Halloween is loads of fun. However, joy can turn to tragedy if simple precautions are not taken to ensure the safety of your pets.
“Pets are curious by nature,” said Dr. Steve Hansen, a board-certified veterinary toxicologist and senior vice president of The American Society for the Prevention of Cruelty to Animals (ASPCA). Hansen, whose department also includes the ASPCA’s Animal Poison Control Center, asks pet parents to be mindful of their pets this fall.
“Thinking about your home from your pet’s point of view will help ensure everyone has happy and safe holidays,” Hansen said. “Pets have the ability to get into everything, especially during the holidays when there is more to see and do.”

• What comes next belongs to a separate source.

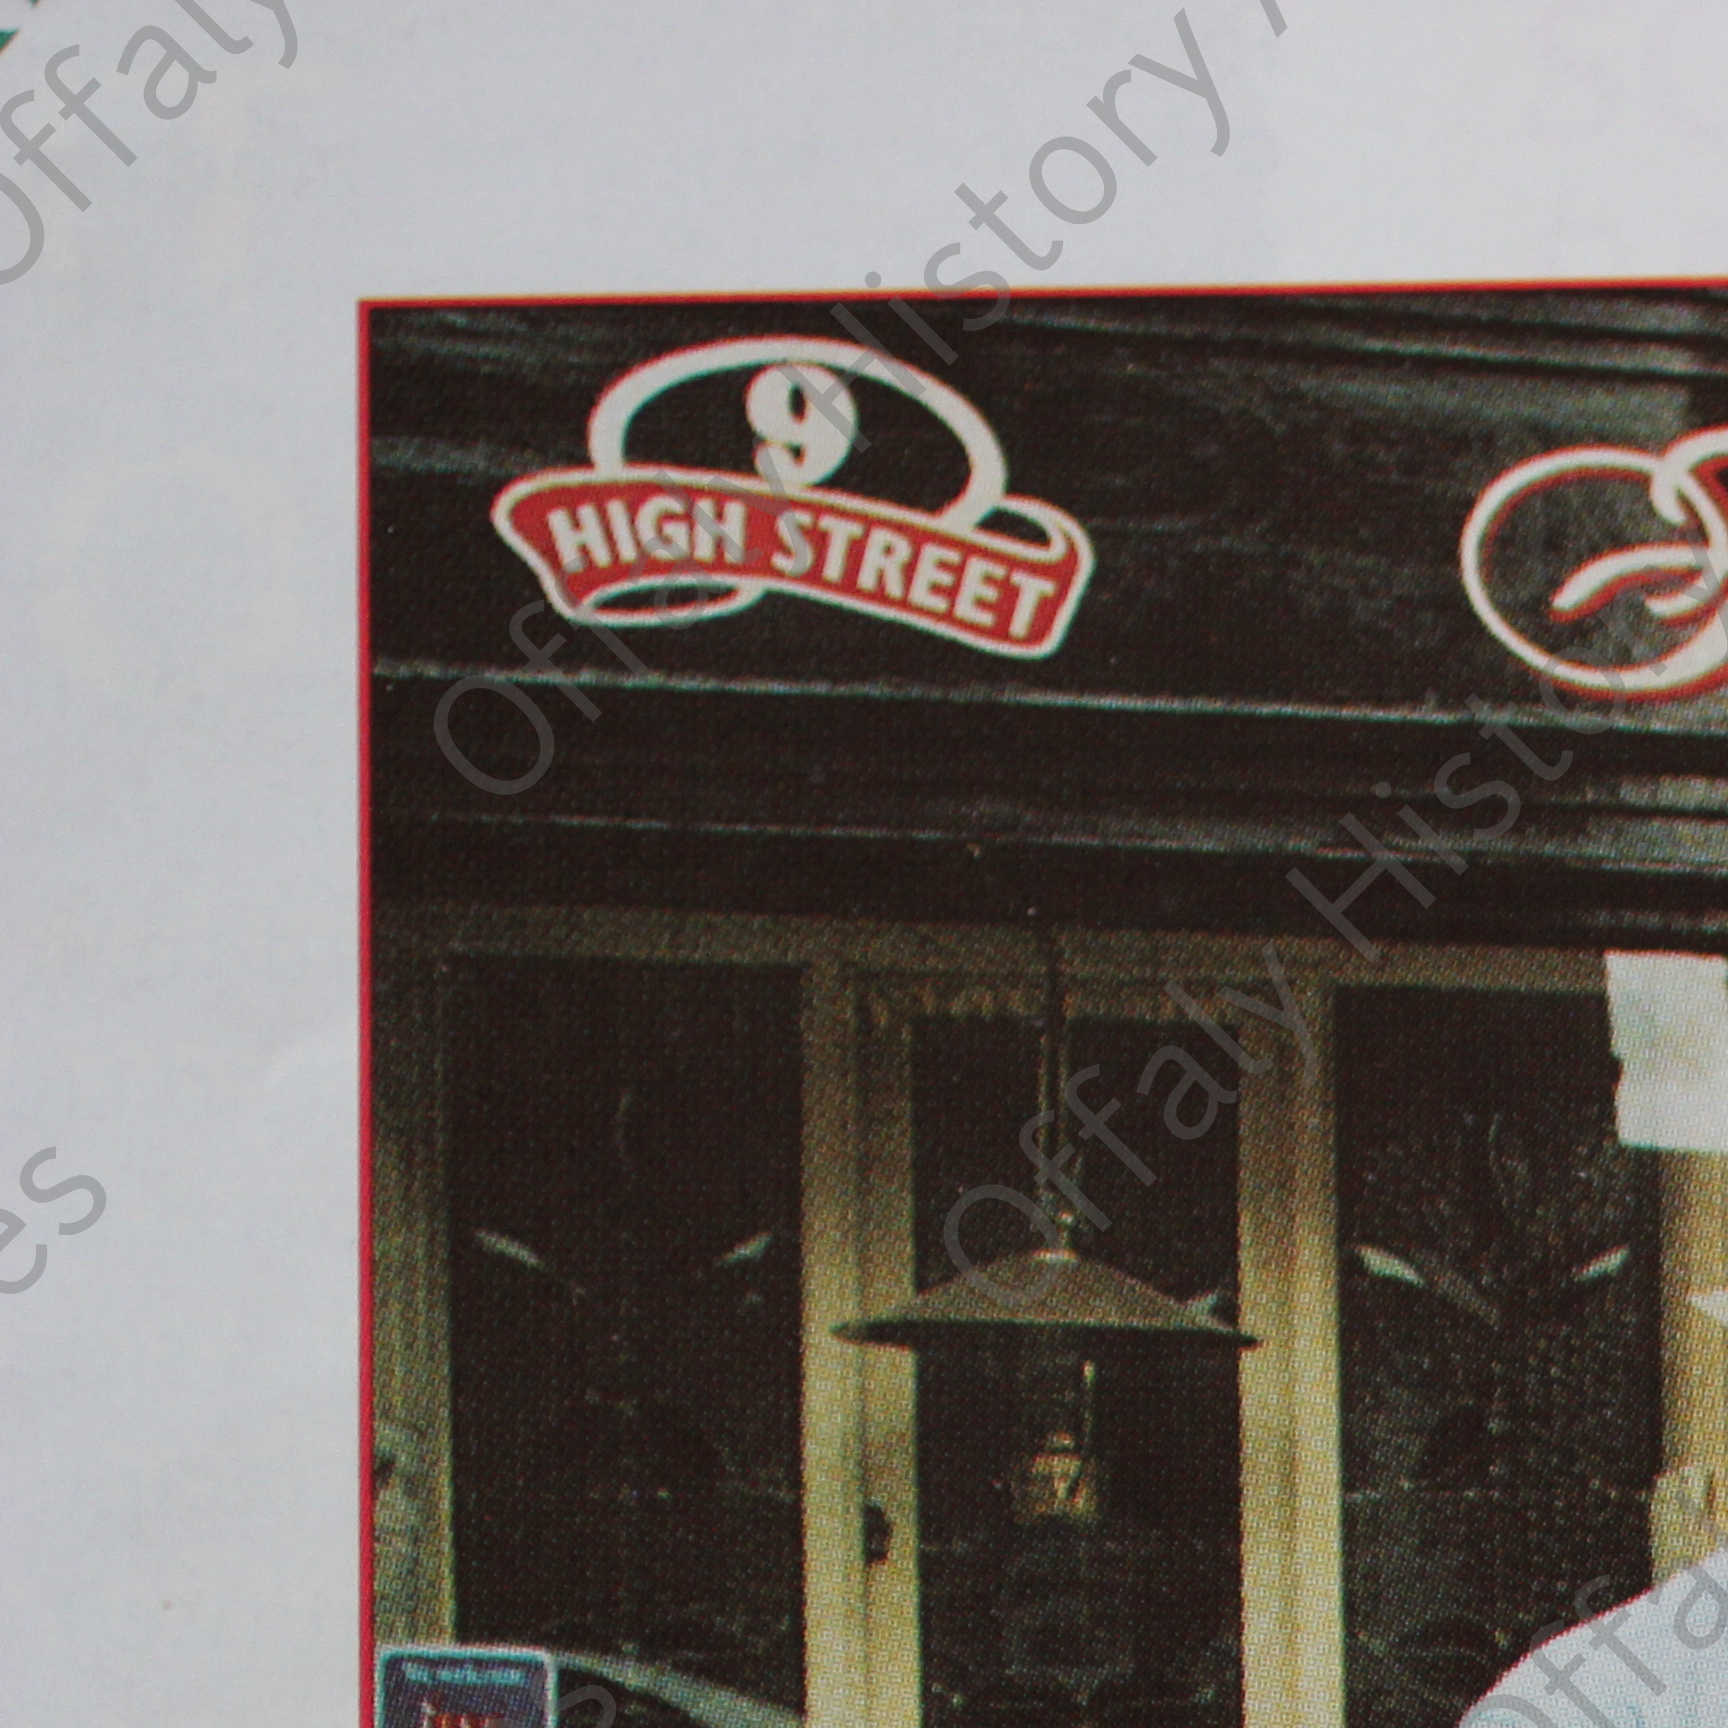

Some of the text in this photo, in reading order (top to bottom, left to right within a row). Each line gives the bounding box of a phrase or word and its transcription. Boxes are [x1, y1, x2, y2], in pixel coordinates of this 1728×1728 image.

[746, 363, 859, 488] 9
[548, 495, 1057, 643] HIGH STREET

To ensure a happy and safe Halloween for you and your pets, Dog Walkers & More at Coddle Creek, LLC recommends that pet owners be cautious of the following:
Ringing door bells and scary costumes The constant chatter and squeals are upsetting to some pets. If your dog or cat is skittish, confine them to a bedroom with the door shut and provide an interactive toy to keep them occupied.
Pet Costumes Chances are Snoopy and Snuggles will not think a costume is very cute. You know your pet better than anyone else so assess his comfort level. You may need to take the costume off after the photo opportunity. Be sure your pet will not overheat, the costume doesn’t have any dangly pieces that can easily be chewed off, and your pet can still breathe, meow and bark.
Escape artists Sometimes our best efforts are not enough and a pet gets out the door. Make sure Fluffy and Rover are always wearing collars with identification. If you have a microchip (we heartily recommend this) be certain you have registered with the microchip company and keep the information up to date.
Tricksters Keep your pets indoors on Halloween even if that is not your normal custom. Some adolescent tricksters think it is funny to scare your pet. Funky costumes can freak out your pet even if not intentional. Black cats are especially at risk on the weekends before and after Halloween as well as the actual day.
Candles The glow of candles inside pumpkins is festive. But curious cats and dogs can easily be injured or create a fire hazard. Be sure to keep a barrier between your pets and lighted decorations or use battery powered lights instead.
Dark and baker’s chocolate While milk chocolate is not poisonous, it will cause your pet to have an upset stomach. On the other hand, dark chocolate and baker’s chocolate contain high levels of theobromine and caffeine. Animals are extremely sensitive to both and ingesting either type of chocolate could be fatal.
Xylitol This sugar substitute causes a dog’s blood sugar to drop quickly. This poisoning can be treated, but causes liver failure if not treated properly.
“Healthy treats” Some people choose to hand out grapes and raisins as an alternative to all the candy. But be aware that grapes and raisins are extremely toxic to cats and dogs. Ingestion of these substances can lead to kidney failure for your dog or cat. We don’t even want to think about what could happen with chocolate covered raisins!
Candy wrappers Your pets will not unwrap treats first and those foil and cellophane wrappers can cause an intestinal blockage.
It pays to plan ahead. Remind your children that pets’ digestive systems are easily upset or compromised by food items humans can safely ingest. Be sure to have a ready supply of the treats your cats and dogs like and are accustomed to eating. Remember to meet the needs of your cats and dogs for interactive play, attention, brushing and loads of walks for your dogs so they will be calm before the potentially frightful night begins
If your pet ingests any potentially harmful product, call your vet or a local emergency animal hospital immediately. Other alternatives include the ASPCA Animal Poison Control (888) 426- 4435 for a fee of $65.00 or the Pet Poison Helpline 1-800-213-6680 for a fee of $39.00.
Dog Walkers & More at Coddle Creek, LLC offers pet owners these helpful hints to keep pets out of danger, while still enjoying the food, fun and festivities that accompany Halloween.